余計なお節介もご迷惑だろうと思い、しばらくご主人とは疎遠になっていた。

でも、なぜかこの夢が気になり、久し振りにご主人に手紙を書いた。

貸したままのT美の手紙も気になっていて、その話題のついでに、こんな夢を見ましたよと書き足した。

貸したままだったT美の手紙と一緒に、音沙汰なかった事の御詫びから始まる手紙が届いた。

驚く事が書いてあった。

「実は、先日その夢と同じ事があったのです。先日、子どもが帰宅してこう言ったのです。

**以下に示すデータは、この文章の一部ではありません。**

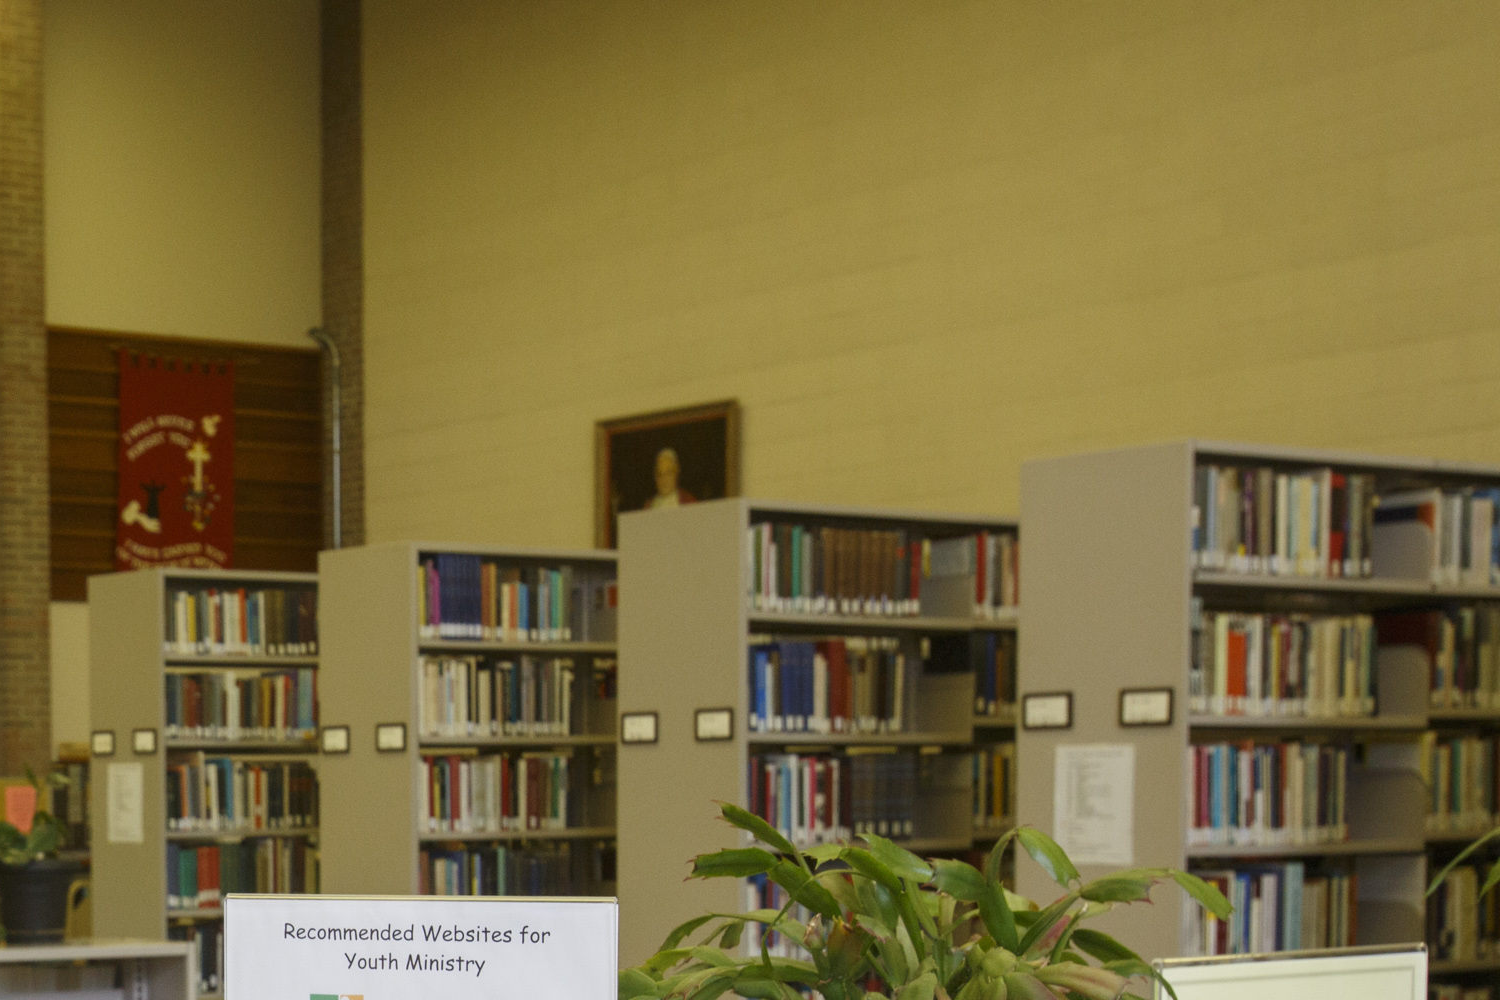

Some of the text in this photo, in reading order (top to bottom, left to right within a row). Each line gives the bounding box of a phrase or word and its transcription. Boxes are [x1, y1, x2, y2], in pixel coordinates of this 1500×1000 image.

[284, 923, 550, 944] Recommended Websites for
[345, 952, 485, 977] Youth Ministry
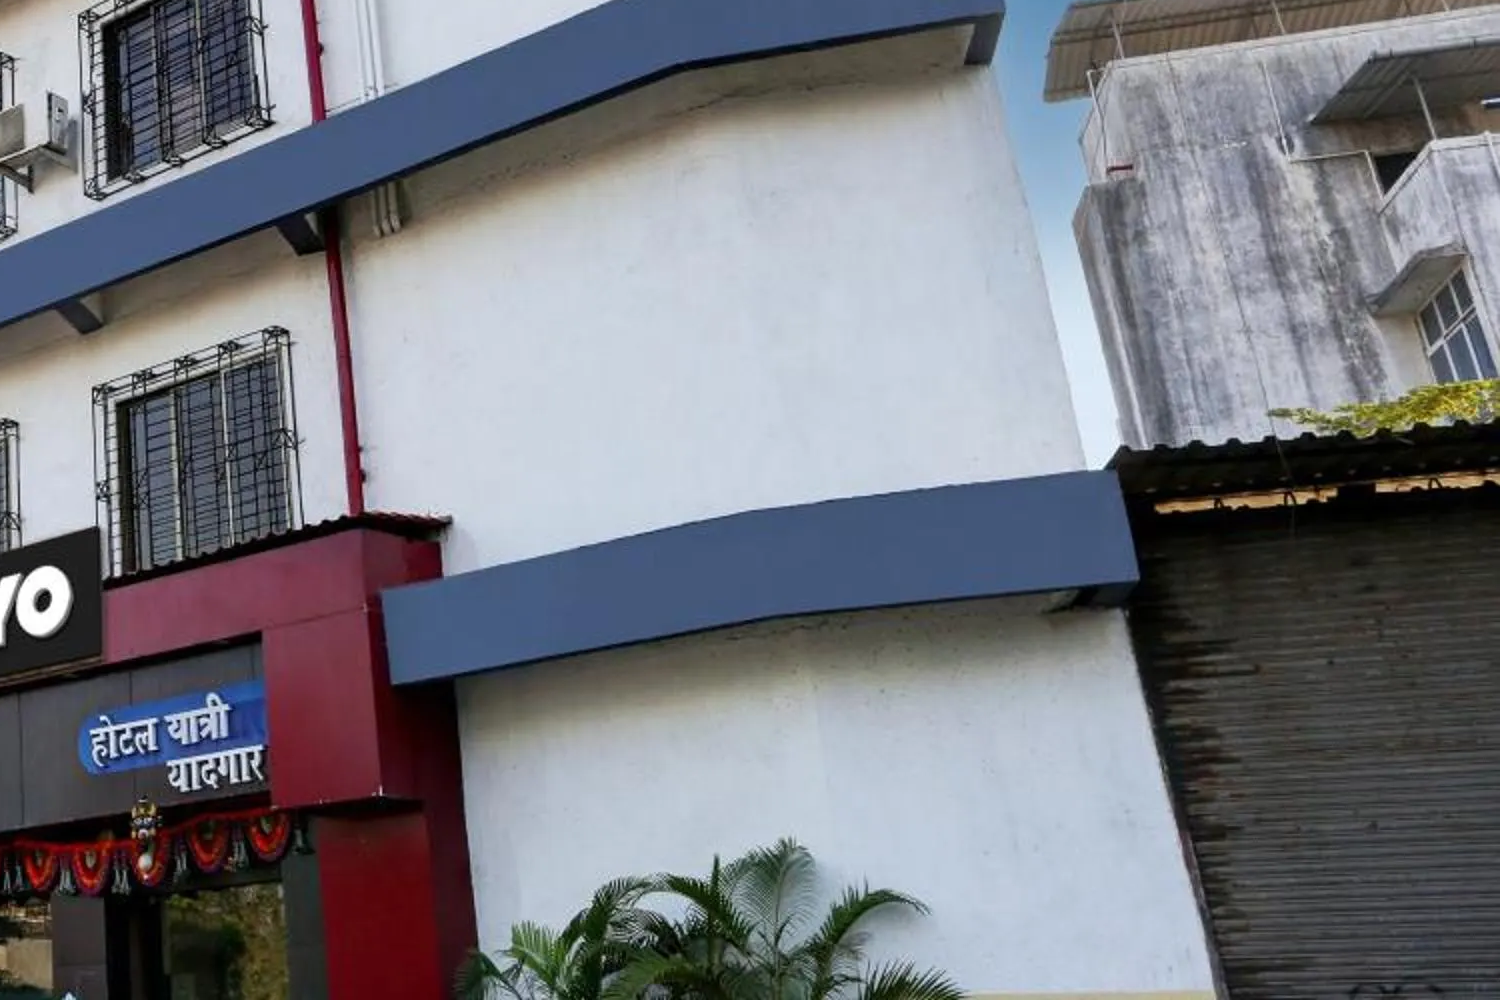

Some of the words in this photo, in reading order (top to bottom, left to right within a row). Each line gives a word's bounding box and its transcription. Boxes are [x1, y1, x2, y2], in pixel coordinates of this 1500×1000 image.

『今日、学校を出る時、校門にママが立っていたよ!』と。妻は子どもの事が心残りだっただろうな、

まだ成仏できないのだろうかと思っていたところに、お手紙が届き、夢の話に驚いてしまいました。」

私も驚いた。

私は現実の場面を夢で見ていたのか。

夢の中のT美は笑顔だった。子どもさんの姿を見て安心したように見えた。
いつもの私の恐怖心も無かった。

その後、T美は夢に出てこなくなった。

きっと安心して天国に行って、ご家族を見守っているのだと思うし、そう信じている。

その後、ご主人と連絡を取り合う事も無くなったままでいる。あえてそうしている。


 天国に行ってもいつもT美は私の心の中にいる。